Colloidal interactions and unusual crystallization versus de-mixing of elastic multipoles formed by gold mesoflowers

TL;DR

This paper explores how gold mesoflowers induce elastic multipoles in nematic liquid crystals, leading to unique many-body interactions and novel colloidal crystal structures, advancing the design of colloidal self-assembly.

Contribution

It demonstrates the formation of elastic multipoles of various orders by gold mesoflowers and reveals unexpected many-body interactions and complex crystal structures.

Findings

Gold mesoflowers induce elastic monopoles and high-order multipoles.

Unexpected de-mixing behavior of elastic monopoles observed.

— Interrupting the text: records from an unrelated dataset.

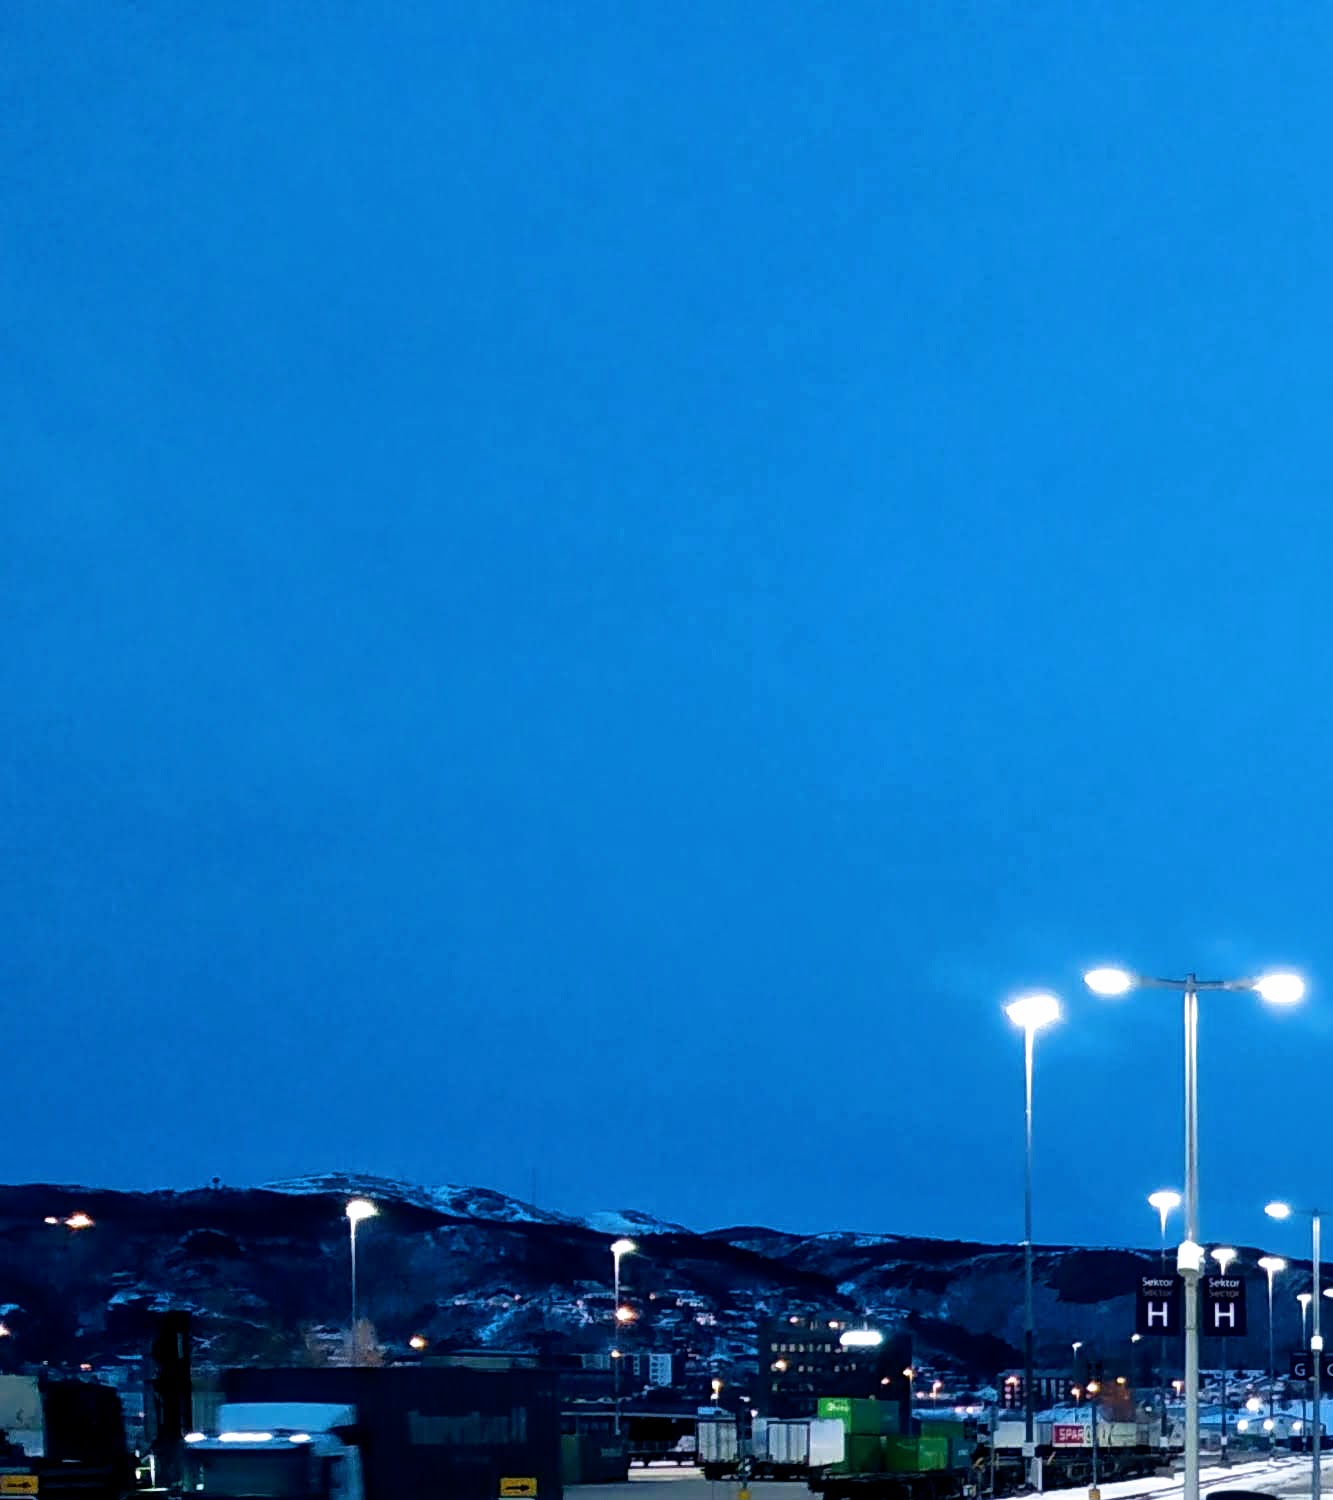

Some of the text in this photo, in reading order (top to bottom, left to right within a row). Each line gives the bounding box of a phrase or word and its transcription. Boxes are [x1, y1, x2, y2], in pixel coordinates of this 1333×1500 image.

[1142, 1277, 1173, 1287] Sektor
[1208, 1278, 1240, 1288] Sektor
[1147, 1301, 1168, 1327] H
[1214, 1302, 1235, 1327] H
[1294, 1363, 1306, 1377] G

Formation of unusual colloidal crystals like hexadecapoles.

Abstract

Colloidal interactions in nematic liquid crystals can be described as interactions between elastic multipoles that depend on particle shape, topology, chirality, boundary conditions and induced topological defects. Here, we describe a nematic colloidal system consisting of mesostructures of gold capable of inducing elastic multipoles of different order. Elastic monopoles are formed by relatively large asymmetric mesoflower particles, for which gravity and elastic torque balancing yields monopole-type interactions. High-order multipoles are instead formed by smaller mesoflowers with a myriad of shapes corresponding to multipoles of different orders, consistent with our computer simulations based on free energy minimization. We reveal unexpected many-body interactions in this colloidal system, ranging from de-mixing of elastic monopoles to a zoo of unusual colloidal crystals formed by high-order multipoles like hexadecapoles. Our findings show that gold mesoflowers may serve as a designer toolkit for engineering colloidal interaction and self-assembly, potentially exceeding that in atomic and molecular systems.